Studienergebnisse gibt es wie Sand am Meer. Aber welche davon sind wirklich robust? Eine Frage, die sowohl für die Wirtschaft als auch für die Gesellschaft von unschätzbarer Bedeutung ist. Auch diese Frage wurde bereits wissenschaftlich untersucht. Im Jahr 2015 kam eine Studie zu der dramatischen Erkenntnis, dass lediglich 50 Prozent der empirischen Ergebnisse im Bereich der Wirtschaftswissenschaften reproduzierbar sind. Umgesetzt in die Praxis heißt das, man könnte auch gleich eine Münze werfen.


Es besteht Nachholbedarf

Replikationsstudien könnten dazu beitragen, dass wirtschaftswissenschaftliche Forschungsergebnisse zum verlässlichen Wegweiser für politische Entscheidungen werden. Wenn es denn genügend davon gäbe. Der Mangel an solchen Forschungen vernachlässigt die gesellschaftliche Relevanz und die politische Verantwortung, welche die Wirtschaftswissenschaft nun mal hat. Dabei hätte man mit der Replikationsstudie ein wertvolles wissenschaftliches Instrument an der Hand, mit dem robustes Datenmaterial herausgefiltert werden könnte.

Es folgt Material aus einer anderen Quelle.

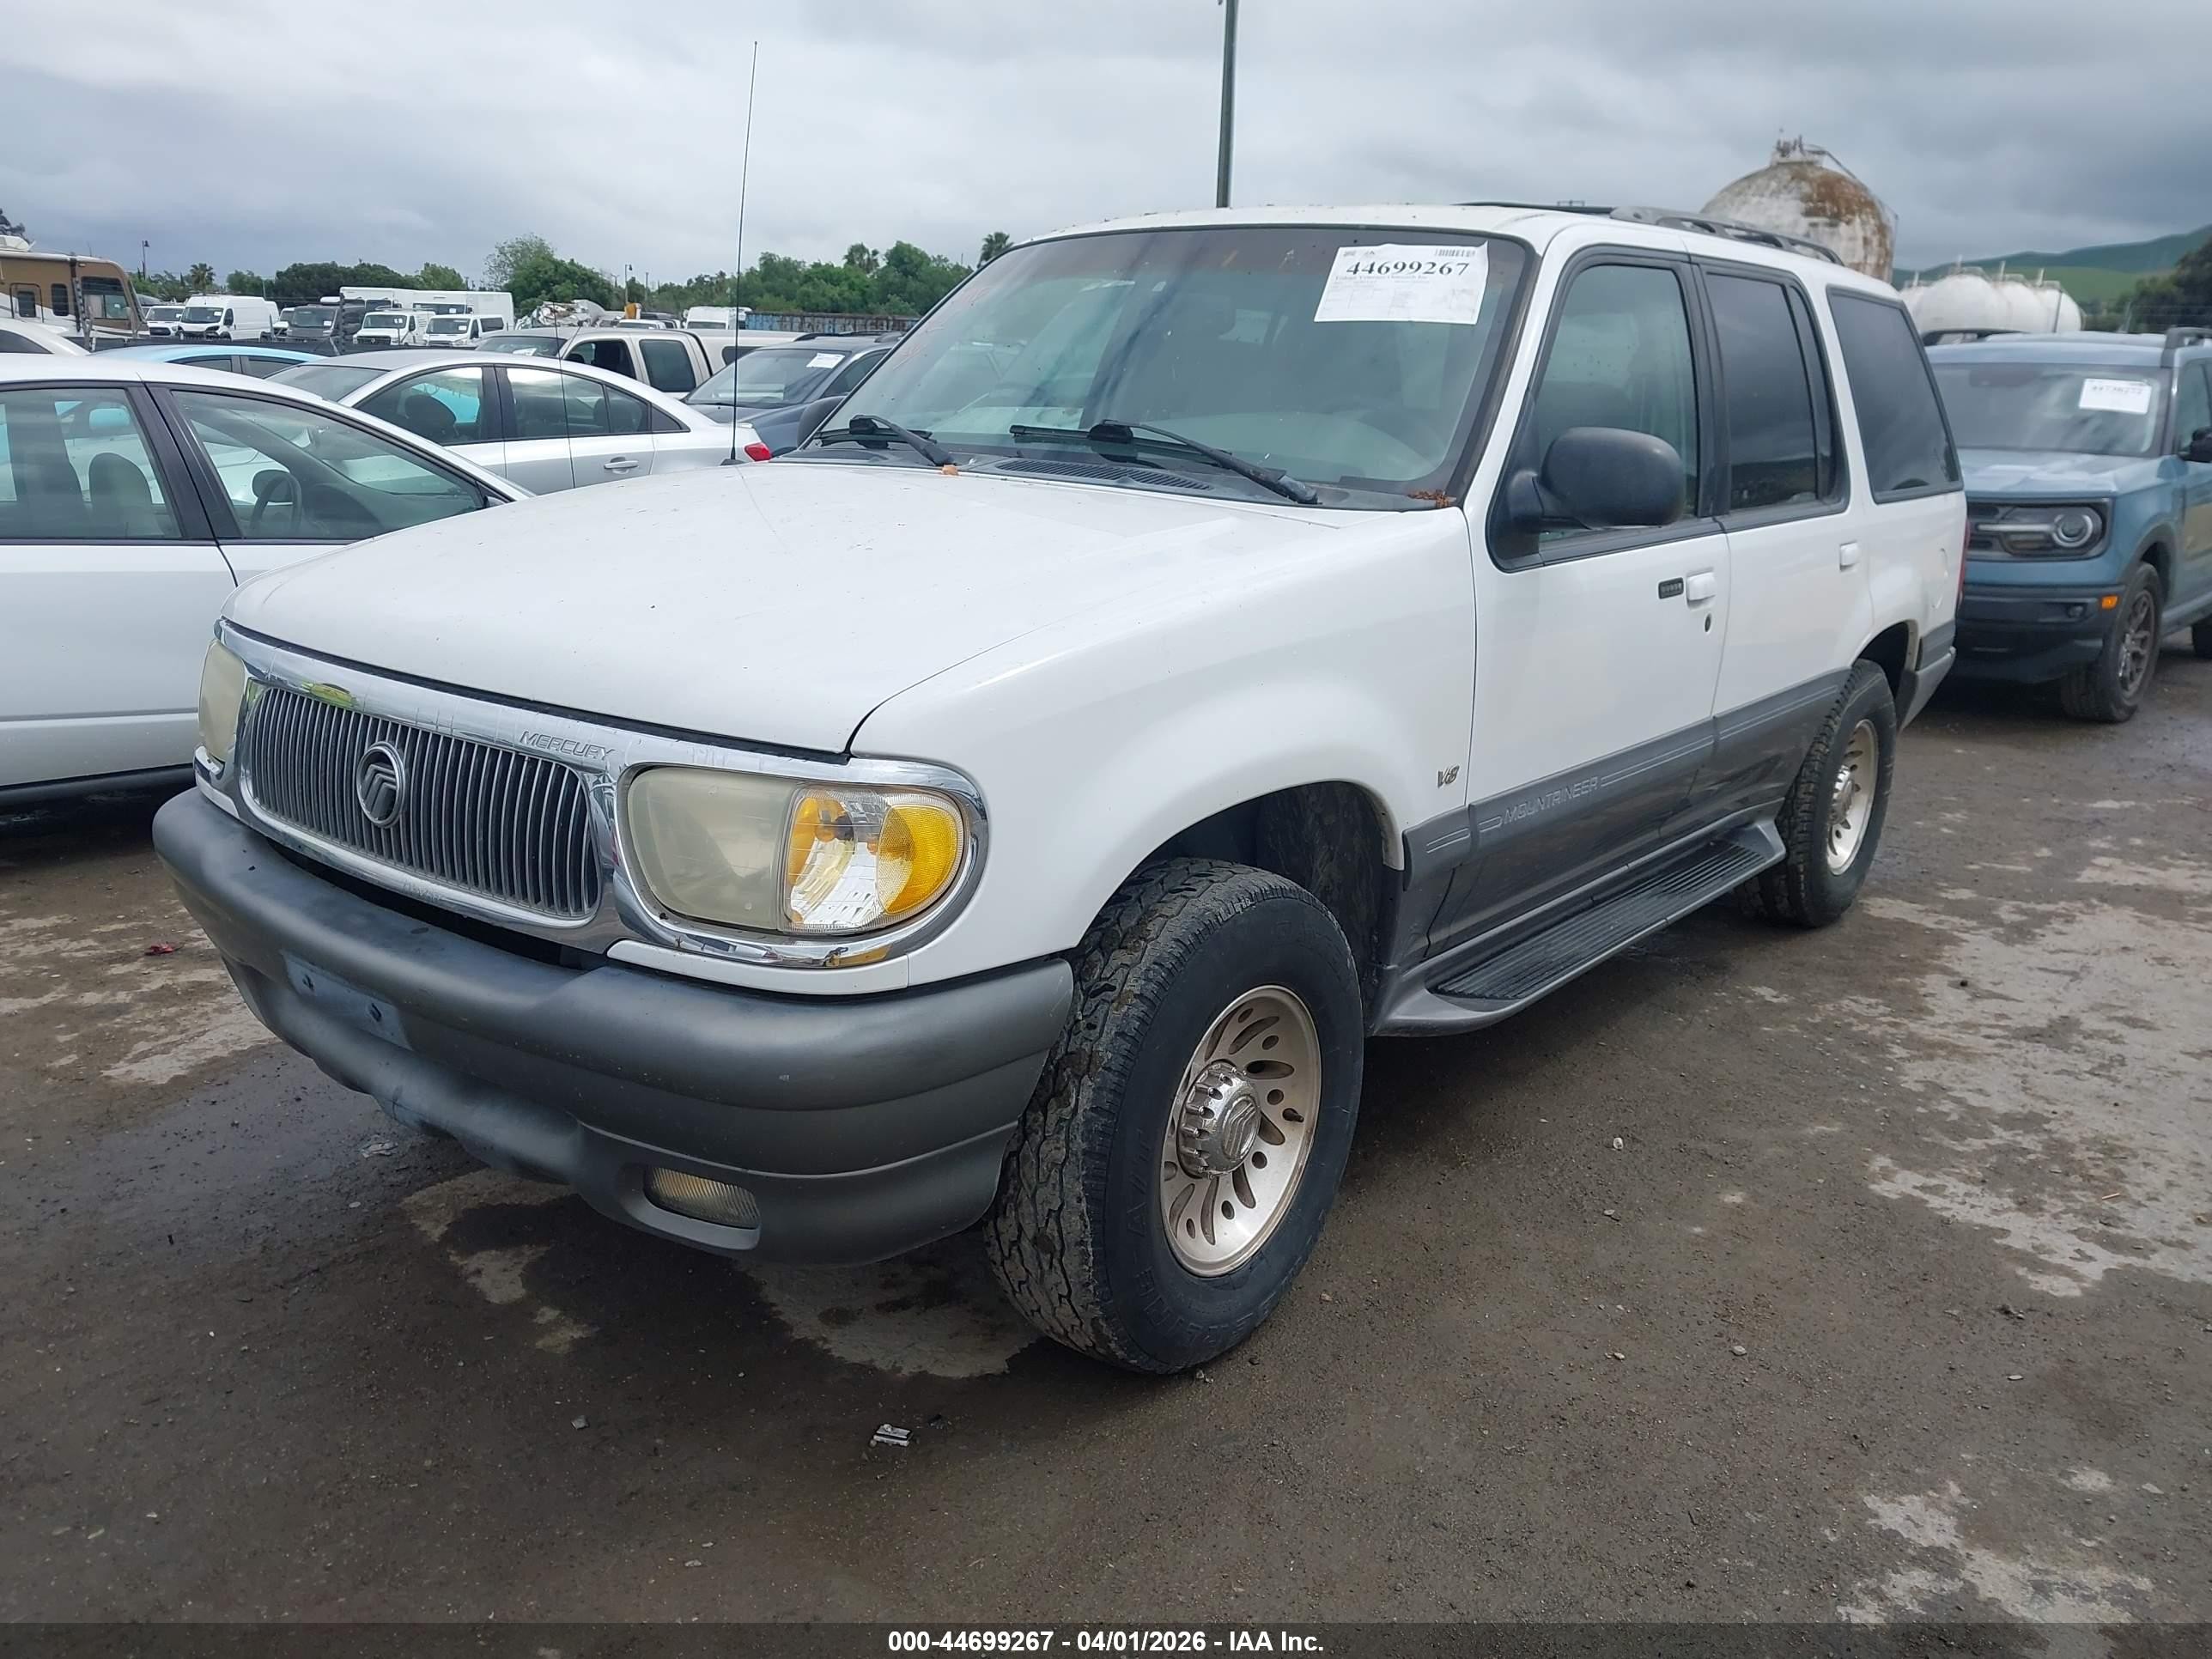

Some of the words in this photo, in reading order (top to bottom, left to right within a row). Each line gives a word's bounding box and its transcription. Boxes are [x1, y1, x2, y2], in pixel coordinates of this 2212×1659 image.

Die akademische Welt hat in diesem Punkt also einiges aufzuholen. Wettbewerbsdruck und Publikationen als einzige Währung für die wissenschaftliche Karriere tragen nicht gerade zur Überwindung der Replikationskrise bei. Forschung als Wert an sich zu betrachten und mit entsprechendem Zeitbudget zu versehen, wäre eine mögliche Alternative. Replikationsstudien sind Teil dieser Forschung und gehören deshalb auch unbedingt mit in die Lehre hinein. Wissenschaft, Politik und Gesellschaft würden gleichermaßen davon profitieren.

Aber nicht allein der akademische Kosmos, auch die Politik ist in der Pflicht. Wenn nur Daten zu Beratungszwecken herangezogen würden, die mit einer Replikationsstudie überprüft wurden, käme die Wissenschaft in Zugzwang. Die gesellschaftliche Verantwortung lastet also auf vielen Schultern. Man darf sie keinesfalls auf diejenigen der Forscher:innen abwälzen.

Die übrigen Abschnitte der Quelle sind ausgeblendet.